> DATA RECORDS:
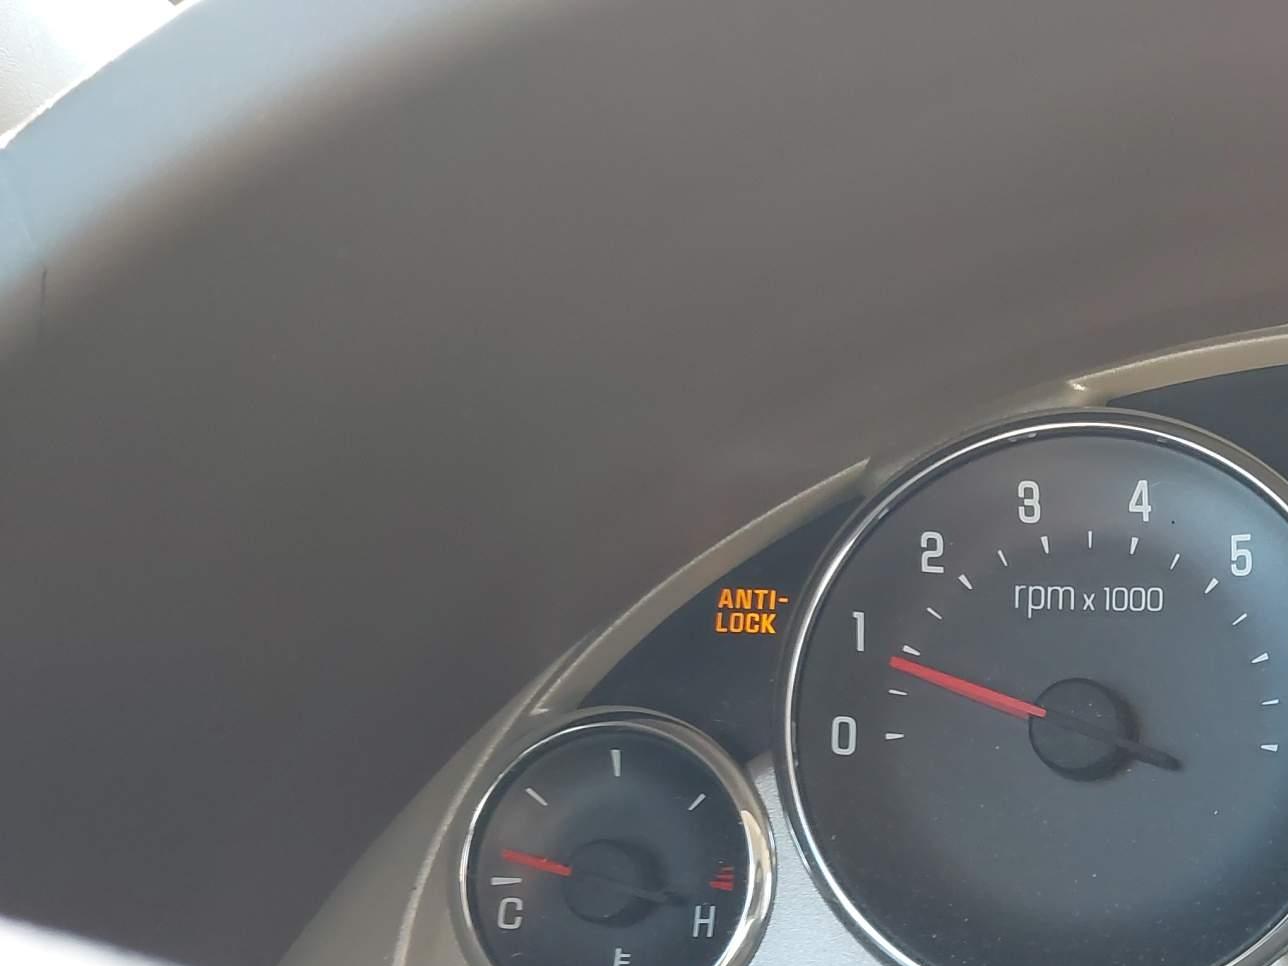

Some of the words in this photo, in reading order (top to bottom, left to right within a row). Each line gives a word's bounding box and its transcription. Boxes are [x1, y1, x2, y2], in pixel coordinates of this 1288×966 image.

[1017, 480, 1042, 524] 3
[1127, 479, 1153, 522] 4
[919, 531, 945, 574] 2
[1230, 533, 1254, 577] 5
[717, 588, 790, 610] ANTI-
[1013, 583, 1076, 619] rpm
[1103, 587, 1165, 613] 1000
[714, 612, 778, 634] LOCK
[851, 611, 867, 653] 1
[831, 715, 858, 757] 0
[497, 896, 524, 931] C
[692, 905, 717, 939] H

> WHAT THE TASK ASKS: Each entry should appear again exactly as written, pictures excluded.

> EXERCISE SOLUTION:
Some of the words in this photo, in reading order (top to bottom, left to right within a row). Each line gives a word's bounding box and its transcription. Boxes are [x1, y1, x2, y2], in pixel coordinates of this 1288×966 image.

[1017, 480, 1042, 524] 3
[1127, 479, 1153, 522] 4
[919, 531, 945, 574] 2
[1230, 533, 1254, 577] 5
[717, 588, 790, 610] ANTI-
[1013, 583, 1076, 619] rpm
[1103, 587, 1165, 613] 1000
[714, 612, 778, 634] LOCK
[851, 611, 867, 653] 1
[831, 715, 858, 757] 0
[497, 896, 524, 931] C
[692, 905, 717, 939] H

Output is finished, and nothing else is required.